Until last night's extraordinary defeat of the government (the last time a prime minister lost a vote over an issue of peace and war was in 1782), Ed Miliband was facing one of the most politically dangerous decisions of his leadership. Having wisely refused to either rule in or rule out the use of military action against Syria until after the UN weapons inspectors had reported, he would eventually have had to come off the fence. Either position would have been fraught with risk. Had he supported intervention (as seemed most likely), he would have faced a significant Labour rebellion with further frontbench resignations (shadow transport minister Jim Fitzpatrick stood down in advance of last night's vote). Had he opposed it, he would have run the risk of being confounded by a successful operation. 

Last night's parliamentary vote means he will now never have to decide. While there remains a hypothetical majority for military action (Labour's amendment would have passed had the Tories swallowed their pride and supported or abstained), David Cameron's decision to unambigously rule out intervention means it will never be tested. After Miliband asked him to reassure MPs that he would not use the royal prerogative to approve military action, he replied:

It is very clear tonight that while the House has not passed a motion, it is clear to me that the British parliament, reflecting the views of the British people, does not want to see British military action.
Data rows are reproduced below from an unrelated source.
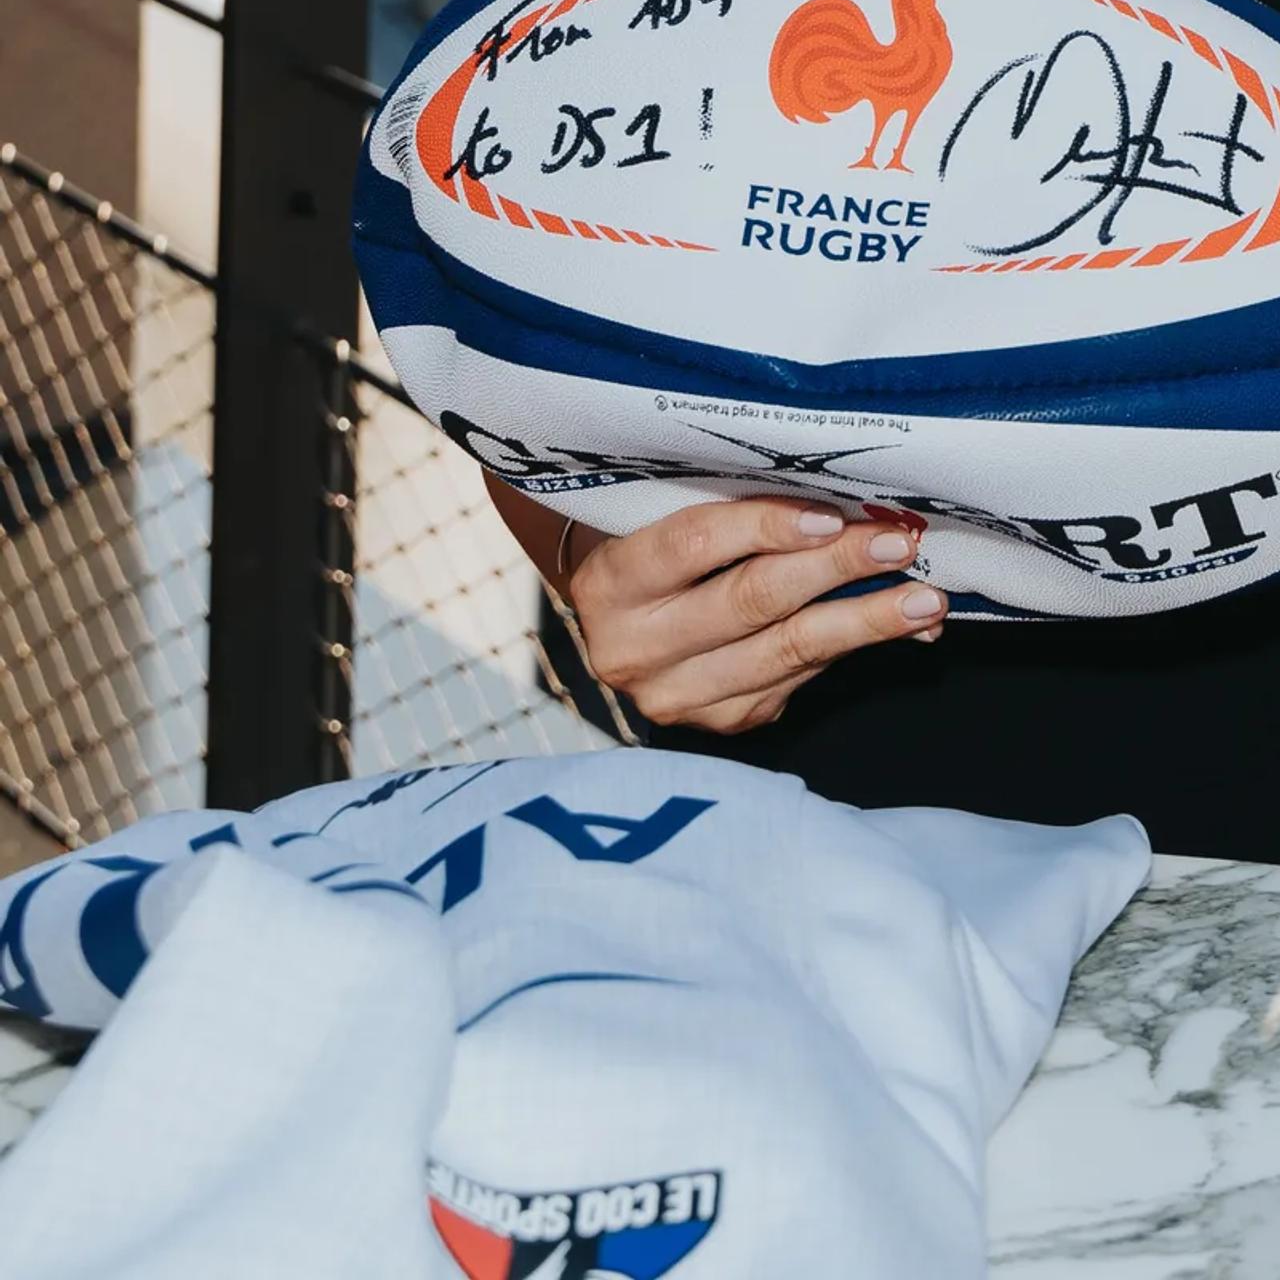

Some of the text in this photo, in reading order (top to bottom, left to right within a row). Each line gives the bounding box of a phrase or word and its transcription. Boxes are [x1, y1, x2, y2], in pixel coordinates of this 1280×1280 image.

[443, 107, 512, 181] to
[747, 184, 931, 227] FRANCE
[741, 218, 923, 263] RUGBY
[672, 400, 729, 418] trademark
[763, 411, 770, 420] a
[774, 411, 784, 423] is
[787, 412, 827, 426] device
[831, 415, 855, 427] trim
[858, 418, 885, 429] oval
[889, 420, 912, 433] The
[661, 1172, 718, 1224] LE
[574, 1182, 660, 1238] COQ
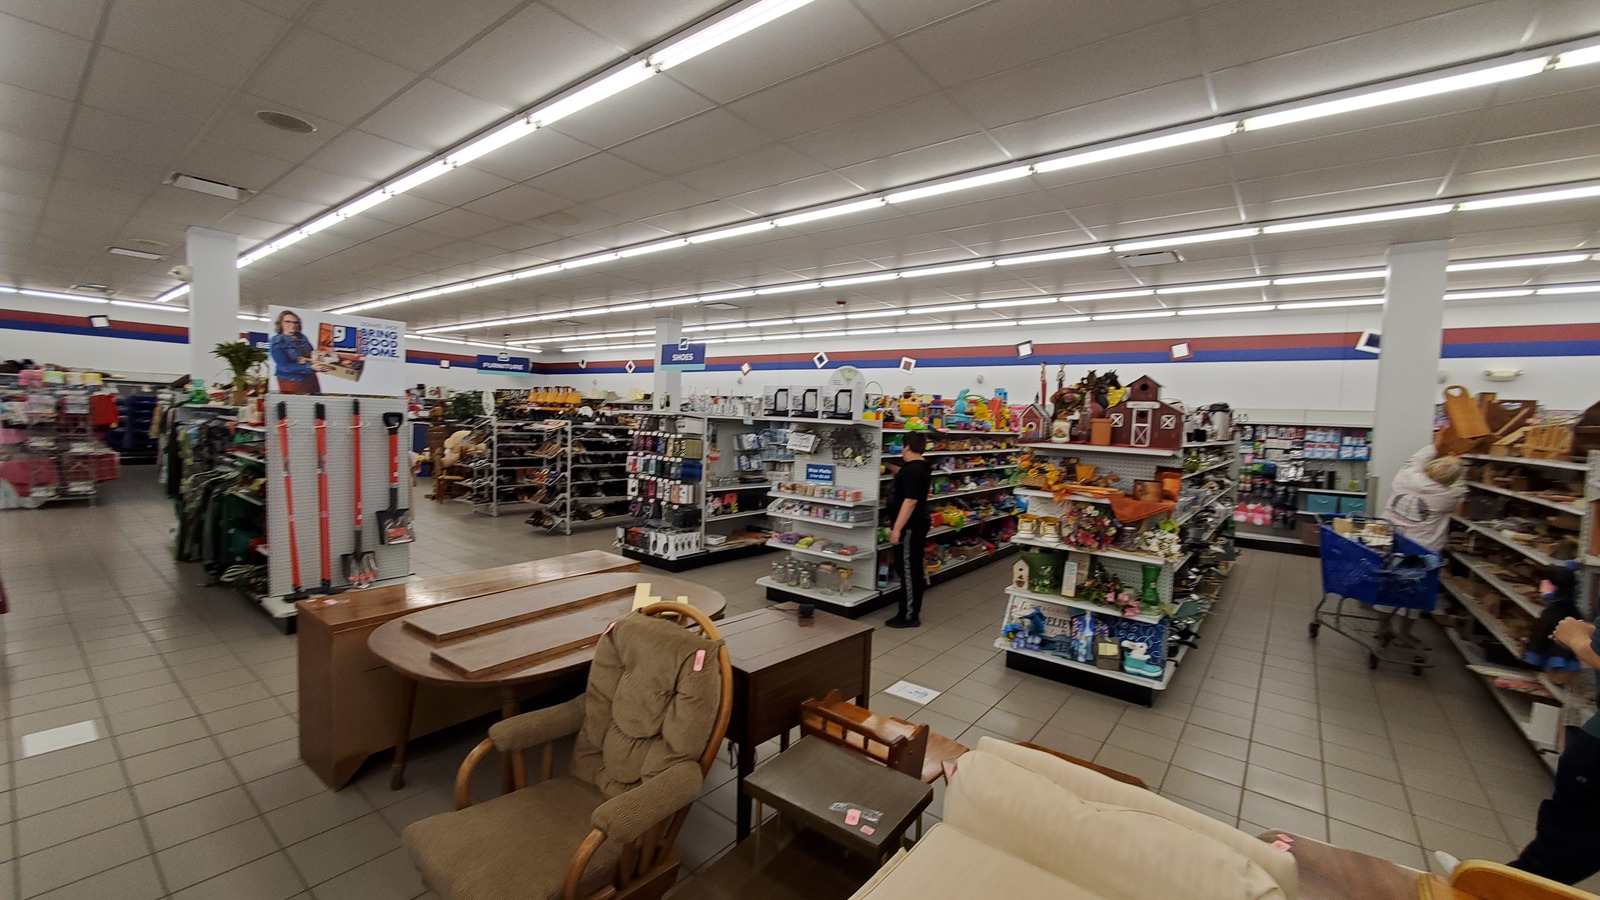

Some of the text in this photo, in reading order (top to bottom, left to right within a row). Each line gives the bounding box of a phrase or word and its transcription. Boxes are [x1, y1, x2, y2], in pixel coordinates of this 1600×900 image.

[361, 328, 398, 340] BRING
[361, 338, 398, 348] GOOD
[671, 353, 694, 362] SHOES
[482, 361, 524, 371] FURNITURE
I get that and the government will act accordingly.

Miliband could have responded by promising to 'work with the Prime Minister' (as Labour List's Mark Ferguson suggests) to secure a majority for Labour's stance: that military action should remain an option if "compelling evidence" is provided that the Assad regime was responsible for the Ghouta massacre. But in his post-vote interview with Sky News he instead chose to second Cameron's decision to take intervention off the table. He said: 

Military intervention is now off the agenda for Britain. There would have been nothing worse than intervention without full international support.

Faced with a hostile PLP and a hostile public (just 22% supported military action), Miliband took the escape route offered to him by Cameron. While some interventionists will despair at the apparent lack of principle involved, his political logic was impeccable. 
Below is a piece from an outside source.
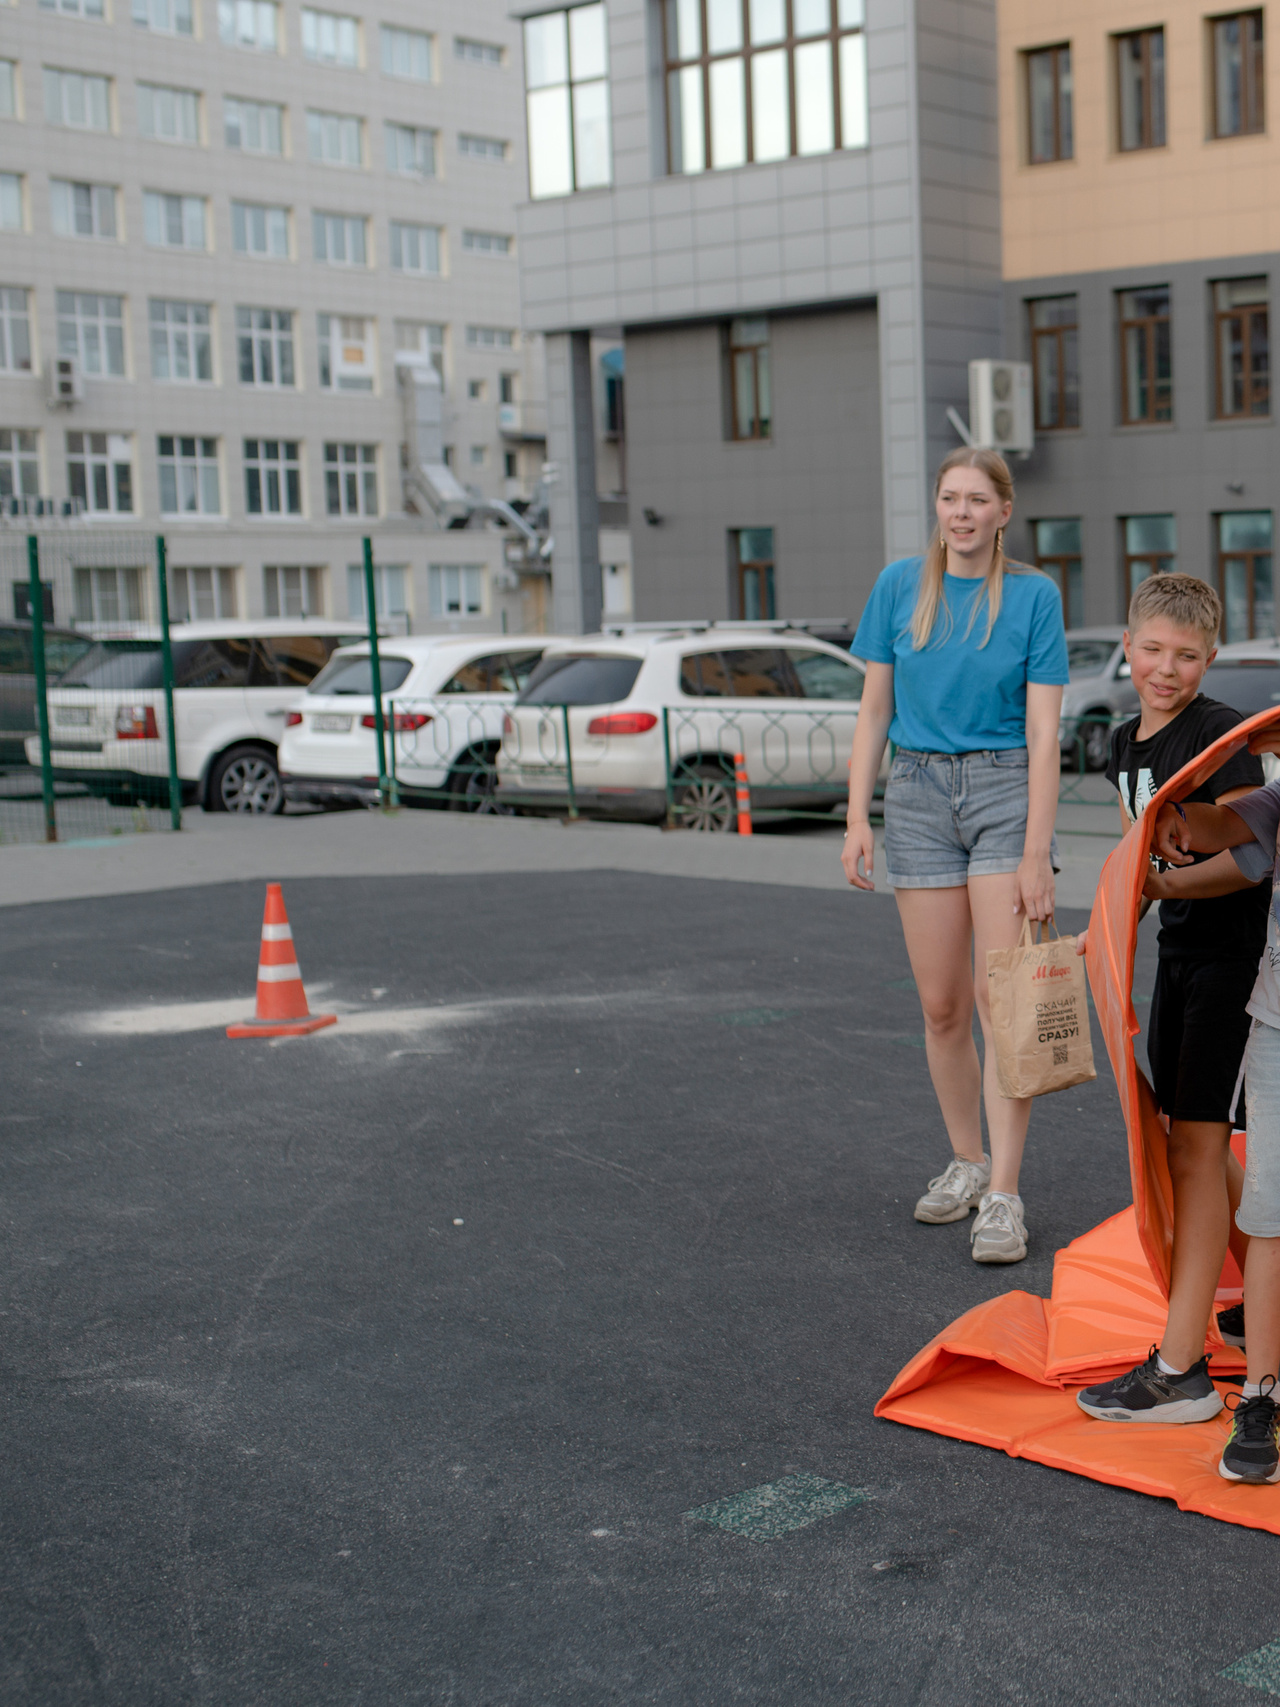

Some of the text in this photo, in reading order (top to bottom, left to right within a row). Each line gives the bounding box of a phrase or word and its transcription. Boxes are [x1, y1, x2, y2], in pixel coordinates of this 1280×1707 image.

"When you decide, you divide" said Blair upon Thatcher's death. Miliband's great fortune is that he will never have to do so. 

Update: In his latest remarks on Syria, Miliband has made it even clearer that, for him, military intervention is no longer an option. He said: 

There are other routes than military means to actually help the people of Syria.

I don't think the Government should wash its hands of this issue.

I think all of the focus of the Prime Minister and the Government in the coming days needs to be working with our allies to find other ways to press President Assad, to take action with our allies to put the diplomatic, political and other pressure that needs to be put on the Government there.

We need the peace talks to get going. So there are other things the Government should be doing.

Ed Miliband leaves Parliament with an advisor on August 29, 2013. Photograph: Getty Images.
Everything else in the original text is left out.